Mediated anaerobic system performance, co-metabolizing flora and electron transfer by graphene oxide supported zero-valent iron composite

Abstract

To enhance the traditional anaerobic treatment process, zero-valent iron (Fe0) and graphene oxide (GO) have recently been used and studied. However, there are drawbacks in using GO and Fe0 alone. In this study, Fe0/GO composite was utilized in anaerobic treatment of high strength wastewater to compensate for the drawbacks, and the promoting effects and the mechanism were investigated. The results verified that Fe0/GO improved COD removal rate and gas production which reached 91.8 % and 511 mL/12 h, respectively, and a better sludge flocculation performance was obtained. Furthermore, the fermentation type was optimized due to alteration of pH and oxidation-reduction potential by Fe0/GO, resulting in increment of acetic acid production and reduction of propionic acid accumulation. A detailed microbial characterization indicated that Fe0/GO had a significant effect on hydrotrophic methanogens (Methanofastidiosum and Methanofastidiosales), increasing from 1.79 % to 24.11 %. The distribution of hydrolytic fermentation bacteria, acetogenic bacteria and methanogens was more balanced and more diverse in the Fe0/GO system, indicating that a stable co-metabolizing microbial community was maintained. Moreover, the highest electron transport system activity and Fe2+ and Fe3+ concentration demonstrated that Fe0/GO could improve the intracellular and interspecific electron transfer.
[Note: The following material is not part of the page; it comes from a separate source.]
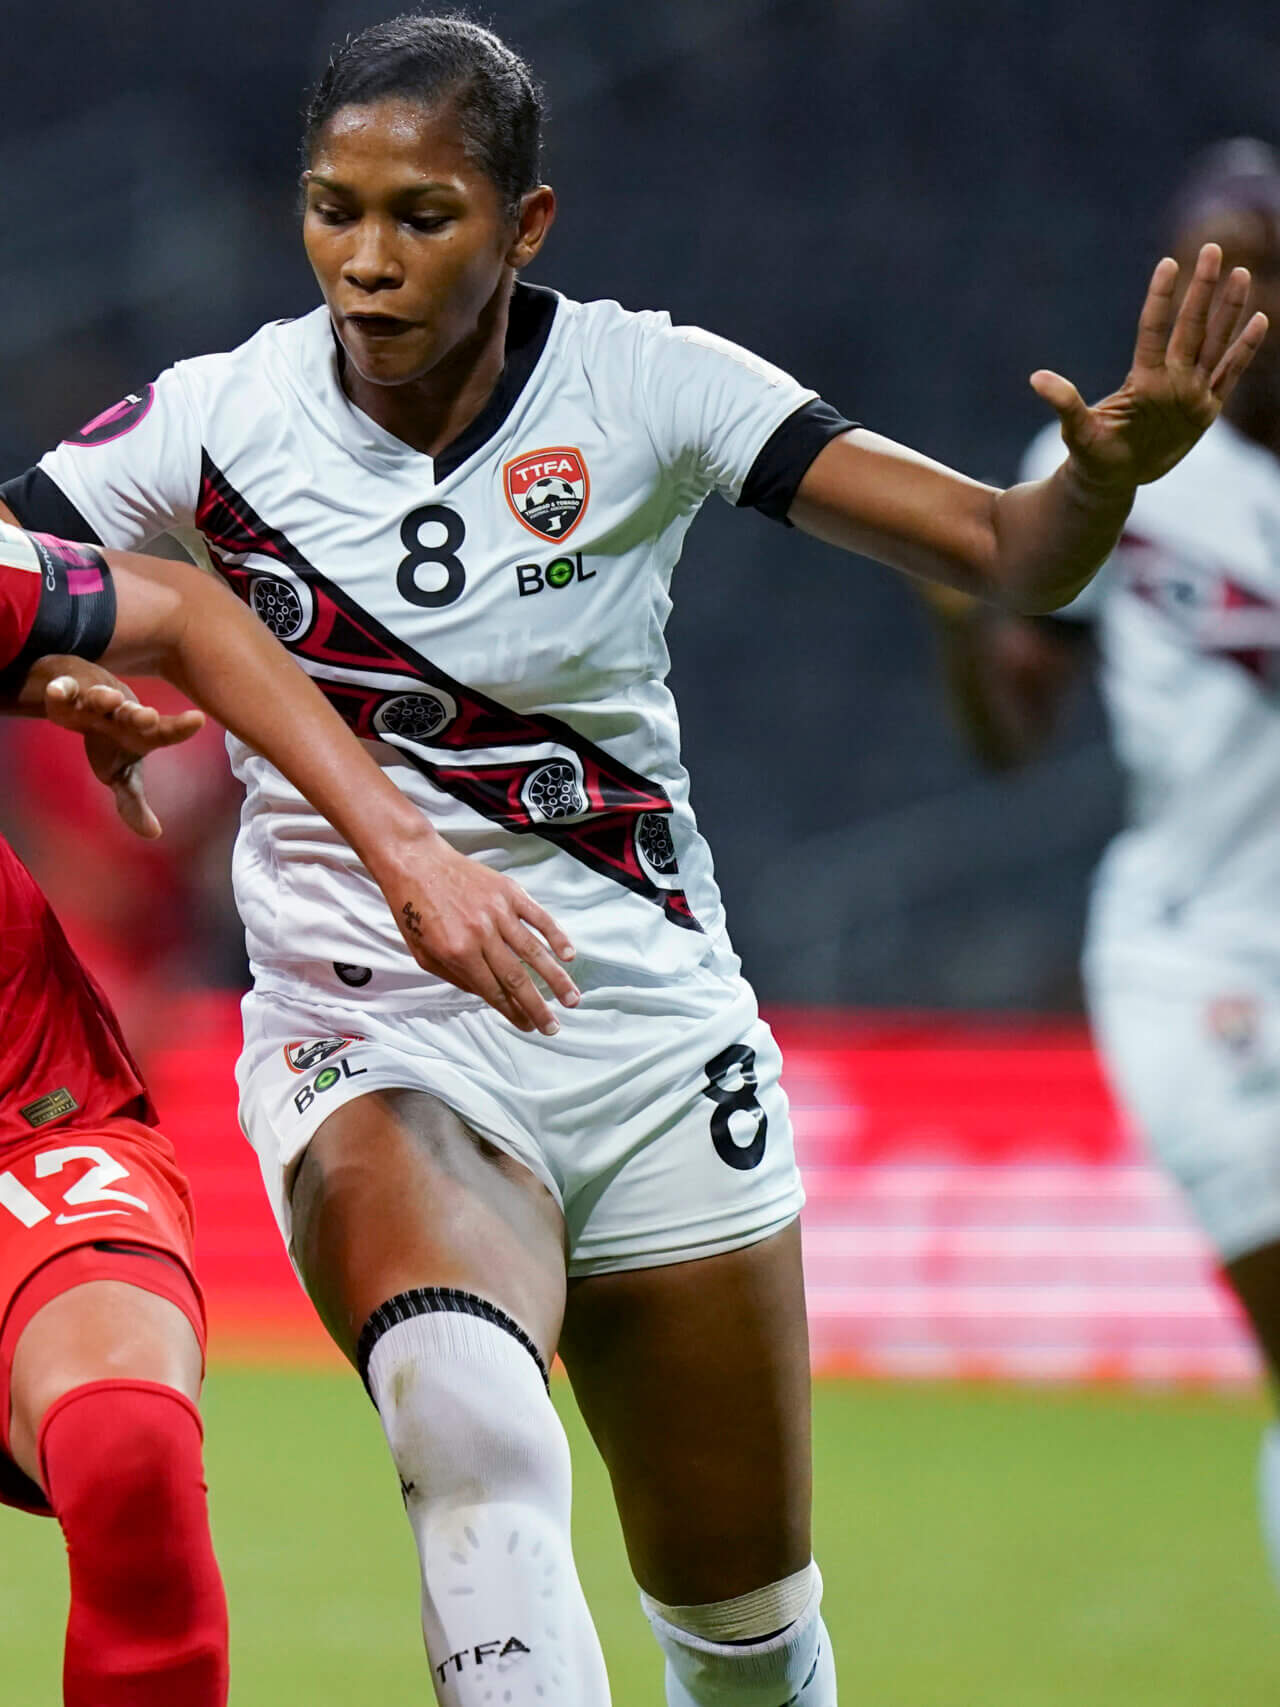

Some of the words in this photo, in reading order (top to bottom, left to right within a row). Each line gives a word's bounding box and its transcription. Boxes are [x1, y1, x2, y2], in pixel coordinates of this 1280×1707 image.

The conductivity, current response, cyclic voltammetry area were the highest and the internal resistance was the lowest, indicating that Fe0/GO could improve the extracellular electron transfer. The stable co-metabolizing microbial community and efficiency intra/extracellular electron transfer promoted the anaerobic wastewater treatment. This study could provide theoretical support for the practical application of developing technologies for anaerobic wastewater treatment.